Chapitre 48 : Profession du Père
30 ans d’édition, par Sébastien Gnaedig
Dès que j’ai fini la lecture de «Profession du père», le roman de Sorj Chalandon inpiré de son enfance sous la coupe d’un père mythomane et violent, je pense à l’adapter. Pourquoi cette histoire me fait-elle un tel effet ? Encore aujourd’hui, j’ai du mal à me l’expliquer !

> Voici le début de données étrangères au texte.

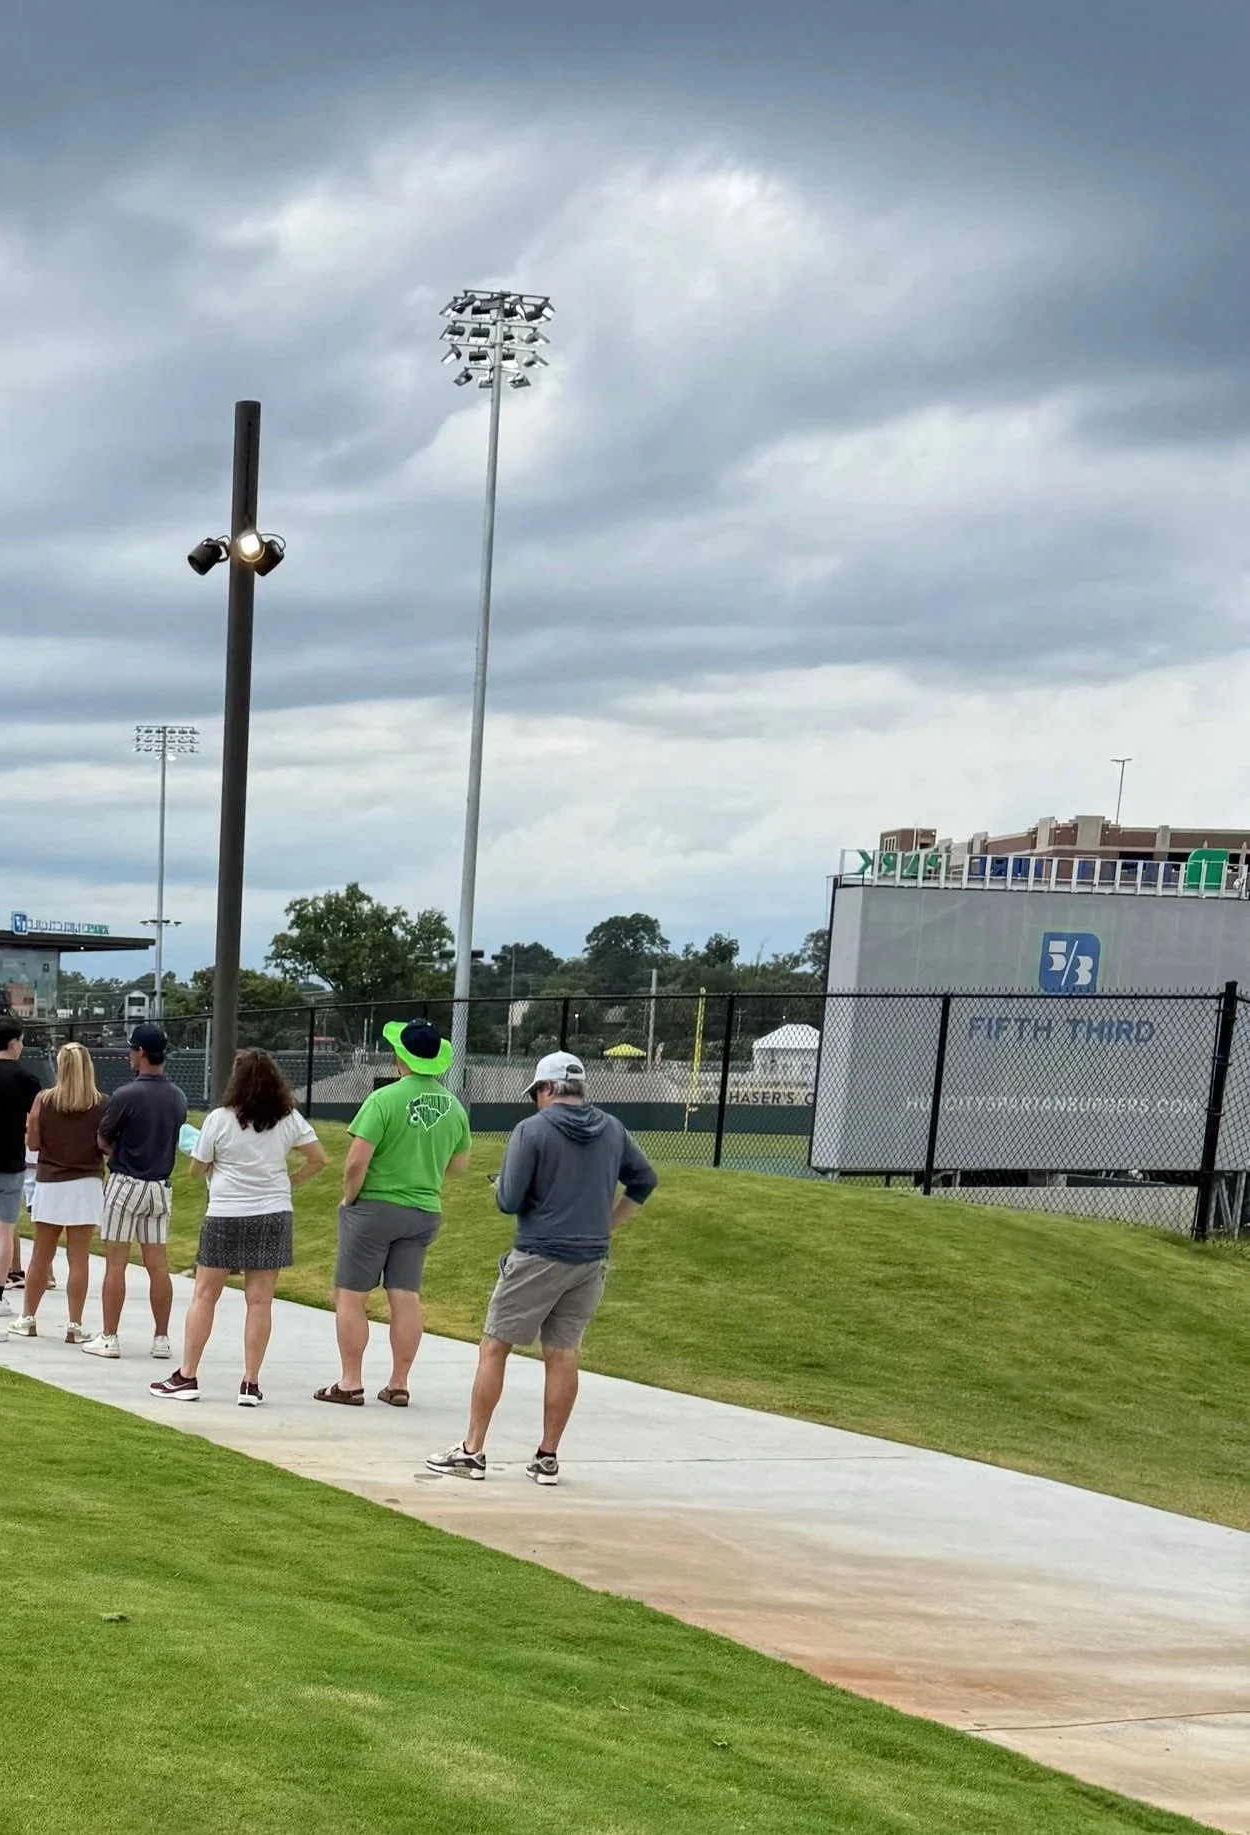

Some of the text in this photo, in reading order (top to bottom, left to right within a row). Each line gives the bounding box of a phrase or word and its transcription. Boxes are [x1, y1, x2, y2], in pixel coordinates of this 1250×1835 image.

[969, 1016, 1155, 1044] FIFTH THIRD
[724, 1090, 795, 1105] HASER'S

Je sens que je peux utiliser tous les outils de la bande dessinée, en supprimant notamment tout narratif (j’en garde un, qui se trouvera être le même que Sorj voulait conserver). Le récit est introspectif, nous sommes dans la tête de l’enfant, je vais montrer sa vie et ce sera au lecteur de ressentir ses pensées. C’est un roman de souvenirs et les époques se suivent parfois au gré de la plume, je dois les choisir et les trier pour les remettre dans un ordre chronologique. Pour vérifier si mes contraintes sont viables, après avoir relu le roman pour faire les repérages et ré-fléchir au «casting», je commence le découpage dessiné, mon étape préférée. Très vite, je trouve mon rythme et au bout de quelques semaines, j’en suis au tiers du livre.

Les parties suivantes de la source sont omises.